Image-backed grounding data

════════════════════

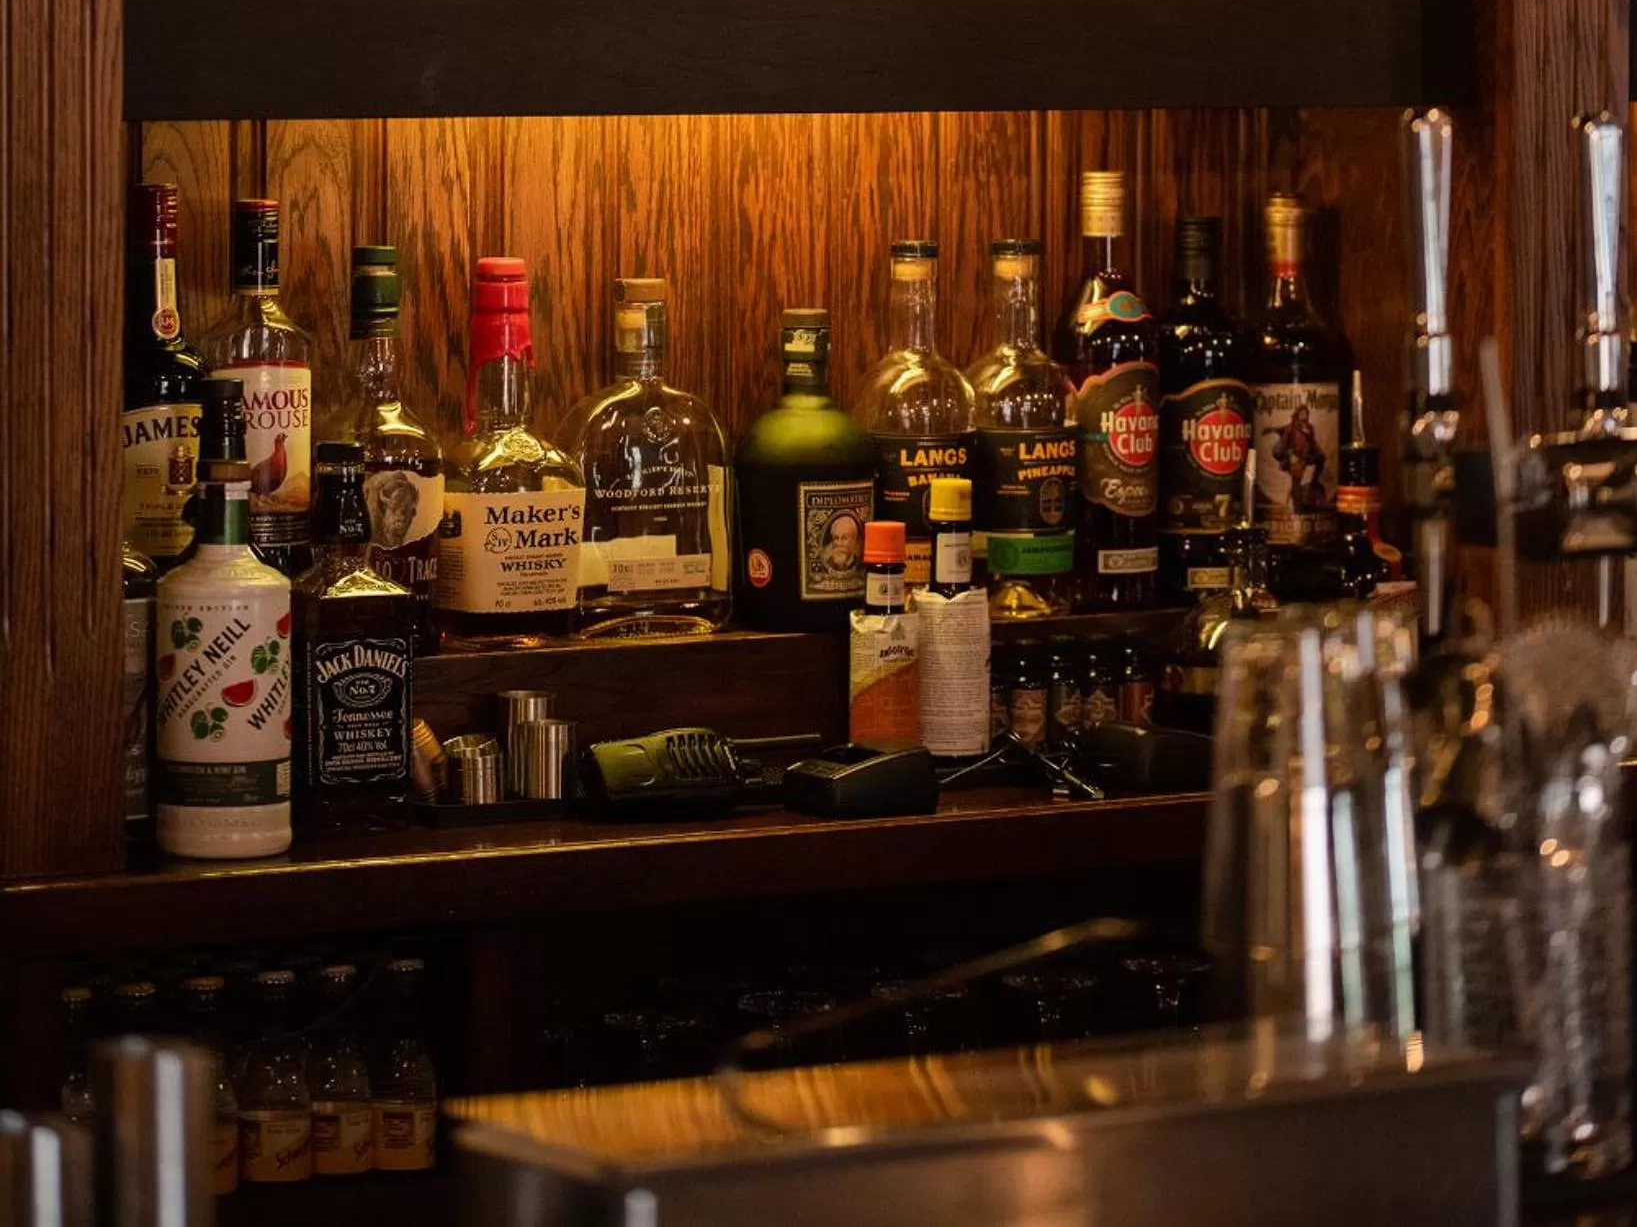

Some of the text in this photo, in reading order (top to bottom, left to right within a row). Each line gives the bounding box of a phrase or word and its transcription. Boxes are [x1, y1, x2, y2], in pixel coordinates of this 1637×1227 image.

[1019, 440, 1076, 460] LANGS
[1116, 433, 1153, 455] Club
[1200, 442, 1243, 463] Club
[900, 447, 967, 467] LANGS
[483, 505, 581, 525] Maker's
[1214, 493, 1232, 517] 7
[513, 527, 579, 549] Mark
[500, 557, 568, 573] WHISKY
[202, 617, 251, 664] NEILL
[315, 643, 410, 684] JACK DANIEL'S
[332, 707, 395, 725] Tennessee
[333, 726, 393, 742] WHISKEY
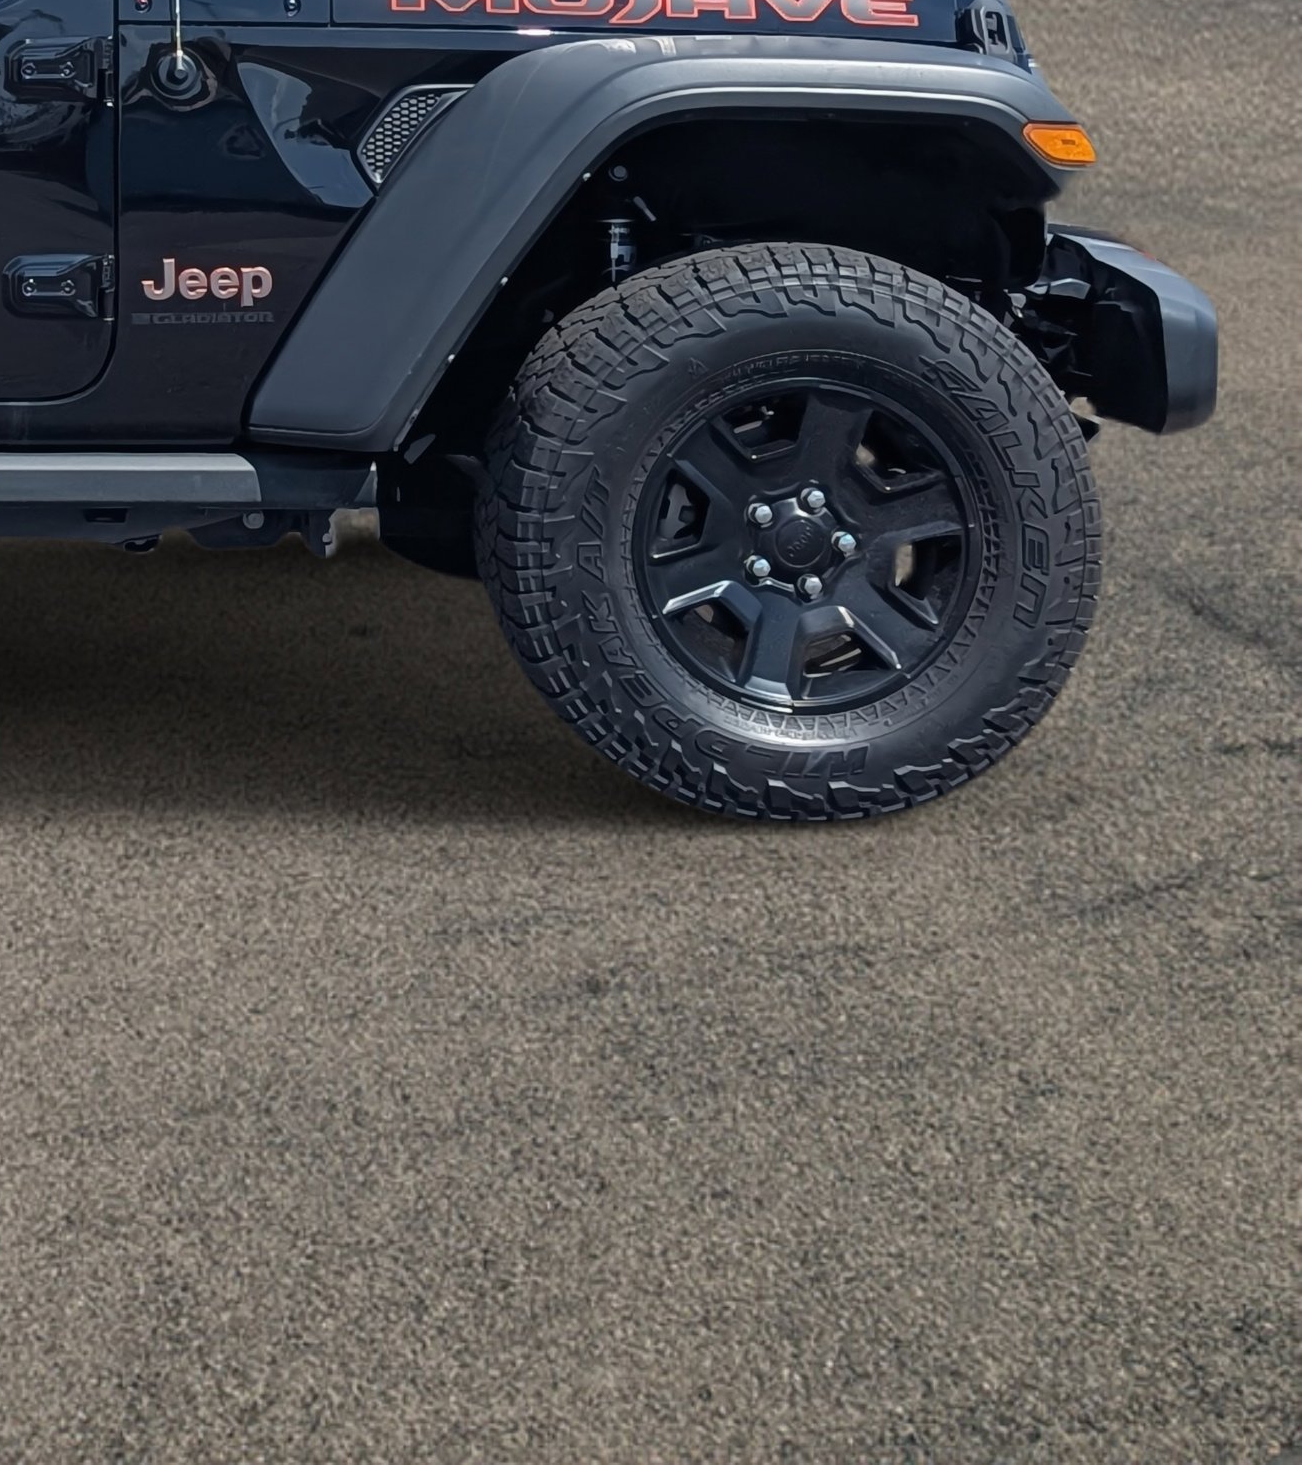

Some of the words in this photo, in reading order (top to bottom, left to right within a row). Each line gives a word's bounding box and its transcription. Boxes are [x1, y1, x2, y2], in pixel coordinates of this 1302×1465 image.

[141, 258, 273, 307] Jeep
[152, 311, 275, 325] GLADIATOR
[918, 355, 1050, 630] FALKEN
[582, 591, 871, 778] WILDPEAK
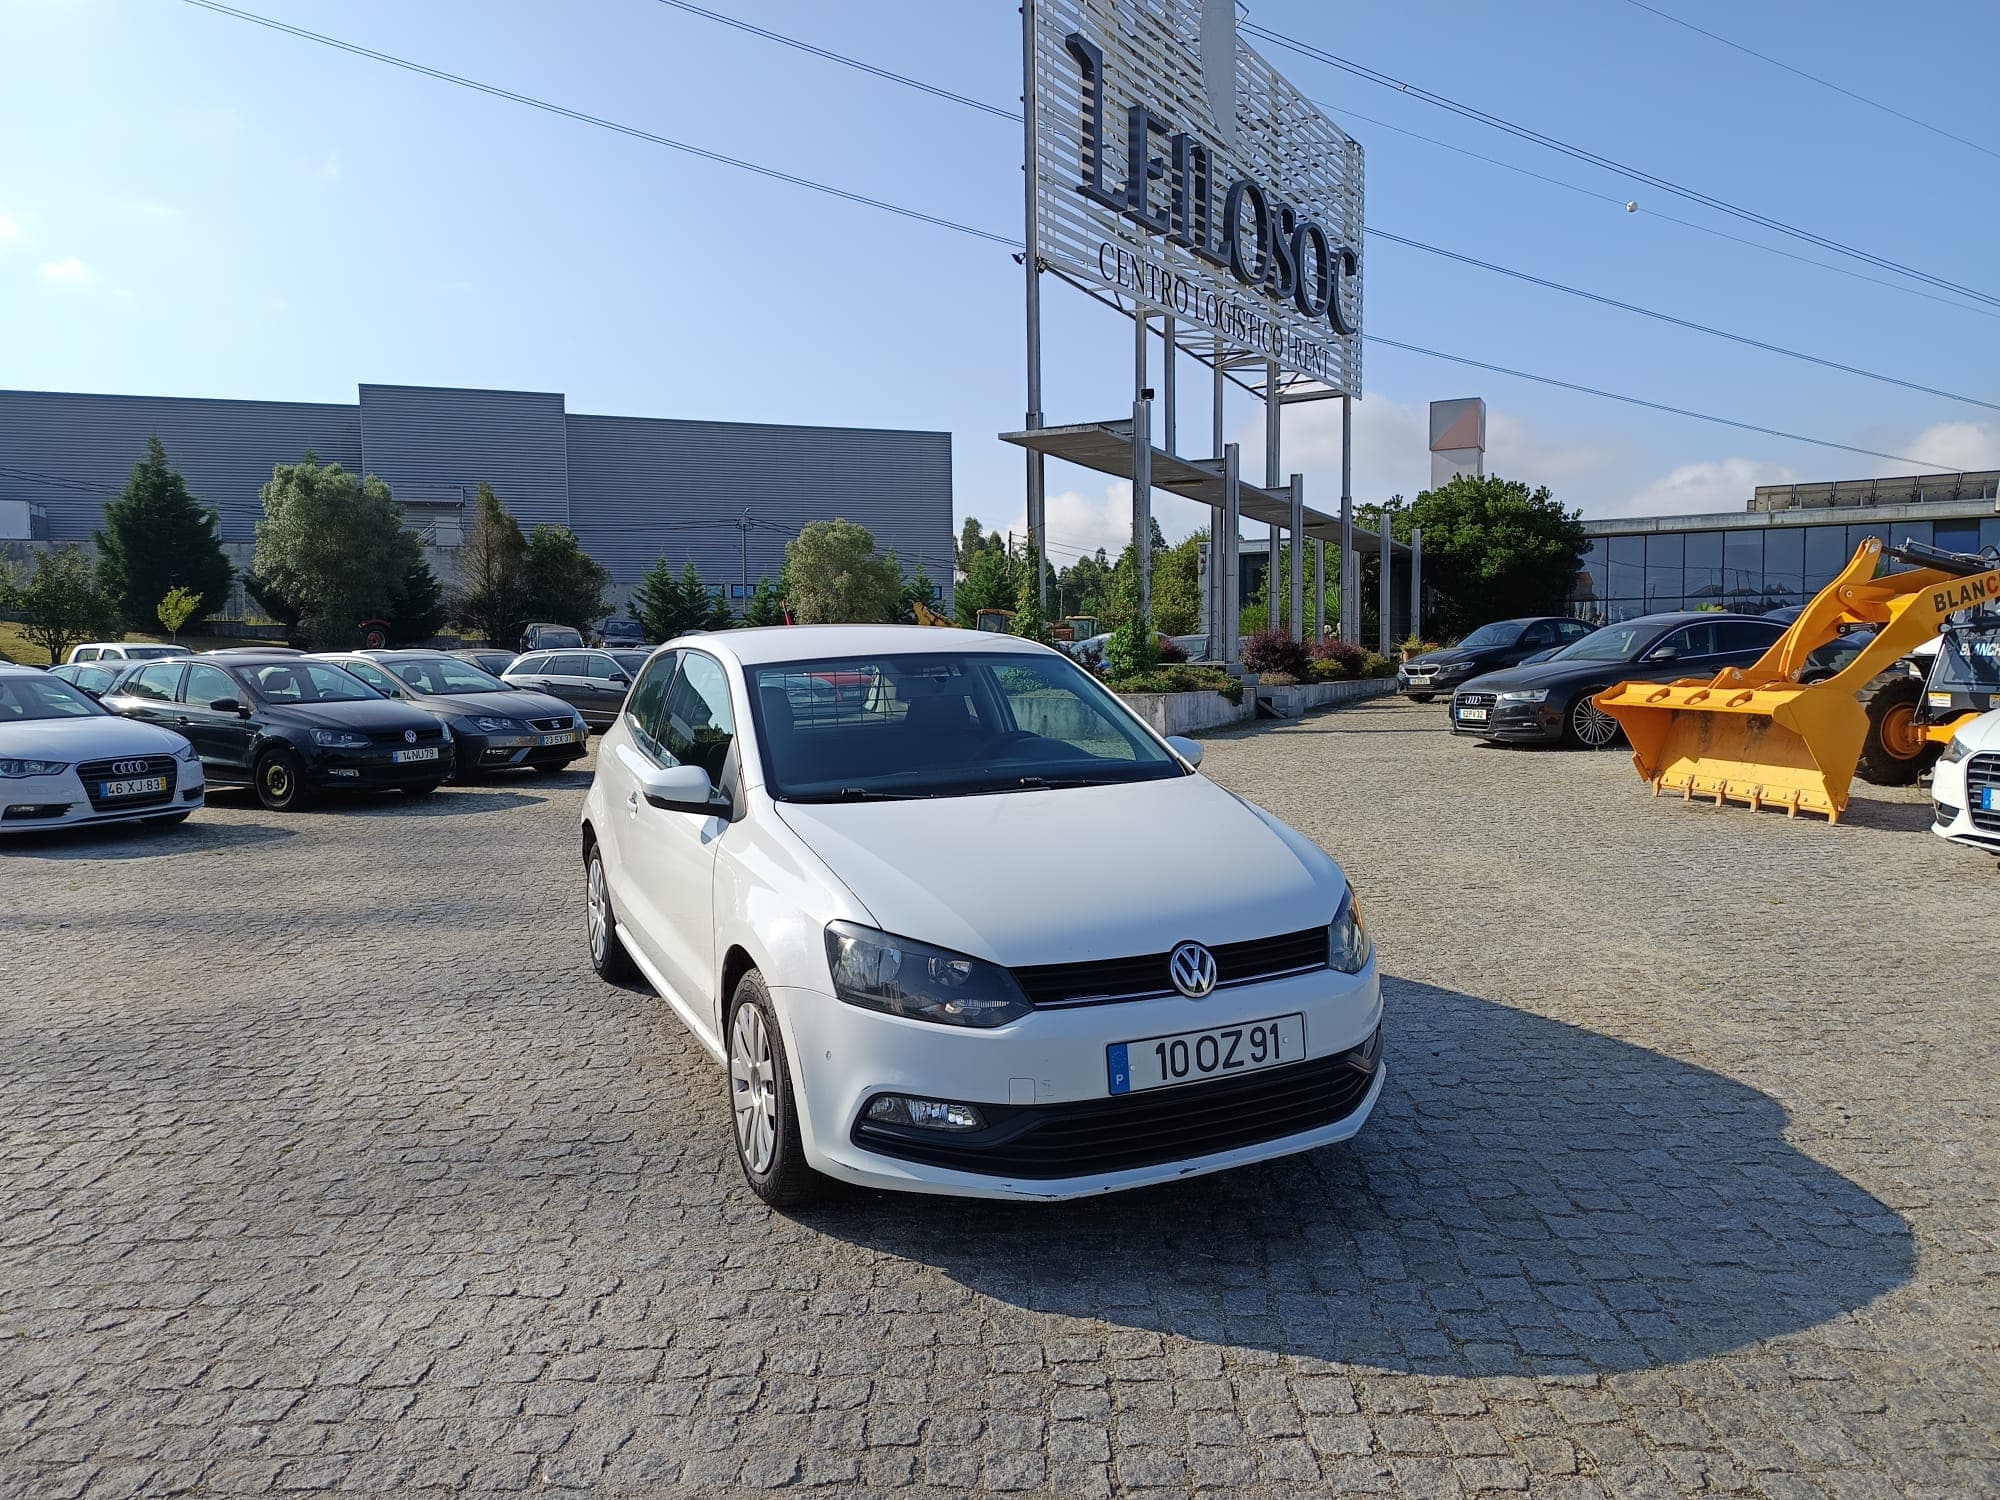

════════════════════

Instructions for the task:
Output the records above exactly as they are, leaving out the pictures.

Worked solution:
Some of the text in this photo, in reading order (top to bottom, left to right within a row). Each line gives the bounding box of a phrase or word and its transcription. Boxes are [x1, y1, x2, y2], in pixel coordinates of this 1637×1227 image.

[1019, 440, 1076, 460] LANGS
[1116, 433, 1153, 455] Club
[1200, 442, 1243, 463] Club
[900, 447, 967, 467] LANGS
[483, 505, 581, 525] Maker's
[1214, 493, 1232, 517] 7
[513, 527, 579, 549] Mark
[500, 557, 568, 573] WHISKY
[202, 617, 251, 664] NEILL
[315, 643, 410, 684] JACK DANIEL'S
[332, 707, 395, 725] Tennessee
[333, 726, 393, 742] WHISKEY

Some of the words in this photo, in reading order (top to bottom, left to right within a row). Each line gives a word's bounding box and its transcription. Boxes are [x1, y1, x2, y2], in pixel coordinates of this 1302×1465 image.

[141, 258, 273, 307] Jeep
[152, 311, 275, 325] GLADIATOR
[918, 355, 1050, 630] FALKEN
[582, 591, 871, 778] WILDPEAK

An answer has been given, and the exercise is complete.